Overview: Study examines how the brain uses inference learning by generating cognitive maps.

Source: UC Davis

Both humans and other animals are good at inference learning, using information we do have to figure out things we can’t directly observe. New research from the Center for Mind and Brain at the University of California, Davis shows how our brains achieve this by constructing cognitive maps.

“The work suggests a new framework for learning in structured environments beyond incremental, experiential learning of associations,” said Erie Boorman, assistant professor in the UC Davis Department of Psychology and Center for Mind and Brain and senior author of the paper. .

In structured environments, individual elements are systematically related to each other, as is often the case in the real world. The insights from the study could be used to improve educational strategies that promote the use of a cognitive map for accelerated inference learning, and potentially approaches to accelerate the transfer of machine learning learning in artificial intelligence, Boorman said.

Learning by inference vs association

Most studies on learning have focused on learning by association – how animals learn to associate one thing with another, through trial and error. The difference between what was expected and what actually happened stimulates learning in such cases.

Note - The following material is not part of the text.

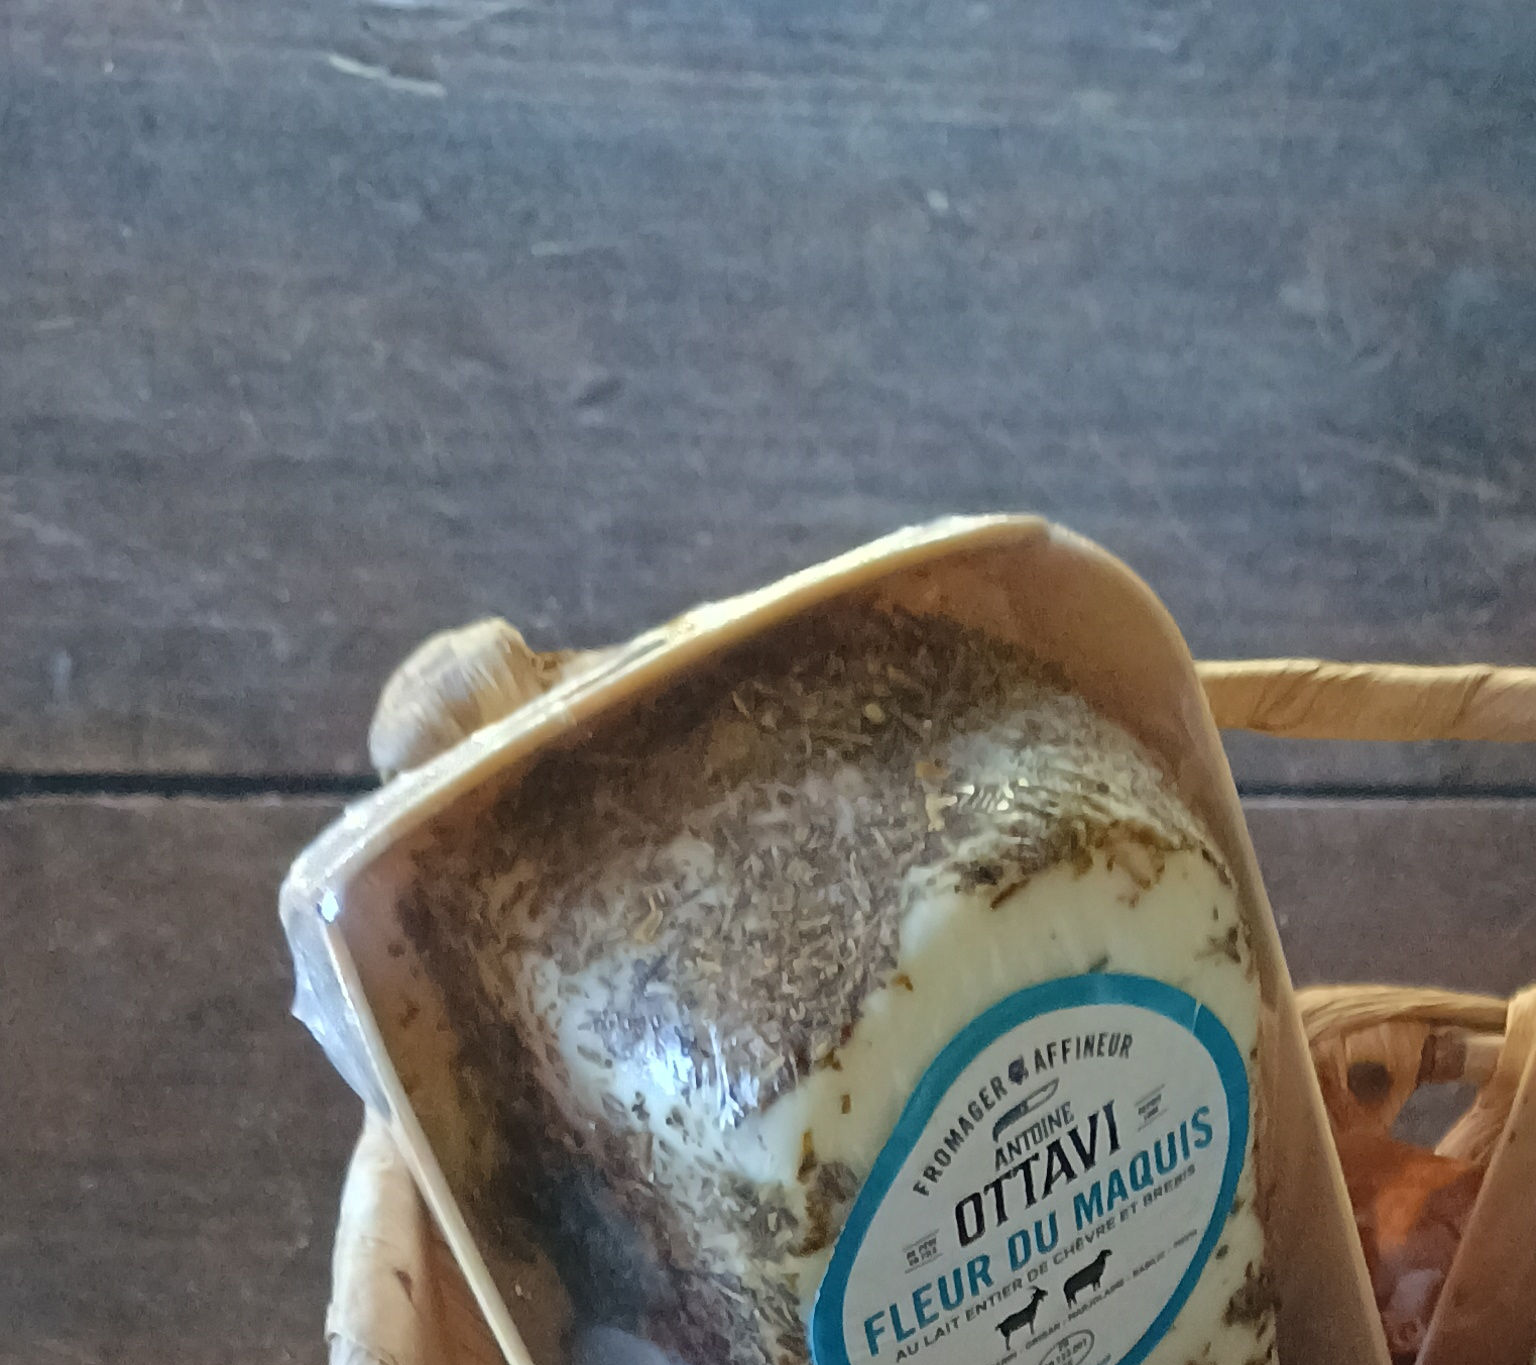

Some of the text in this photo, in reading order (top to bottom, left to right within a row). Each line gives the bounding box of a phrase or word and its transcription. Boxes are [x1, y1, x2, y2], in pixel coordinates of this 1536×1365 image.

If there is some hidden structure behind those associations, you can use direct observations to derive indirect, invisible results, leading the chain of direct association.

For example, if you know that the quality of seasonal foods is determined by weather changes, you can deduce what’s best to eat based on what foods are ripe in the same season, Boorman said. By observing ripe apples, we can conclude that pears must also be ripe, but not strawberries. This kind of structure is important to know when making decisions.

Another example is an investor concluding that the decline in Facebook stocks can be attributed to a technology bubble, suggesting that Microsoft stocks are also likely to fall soon.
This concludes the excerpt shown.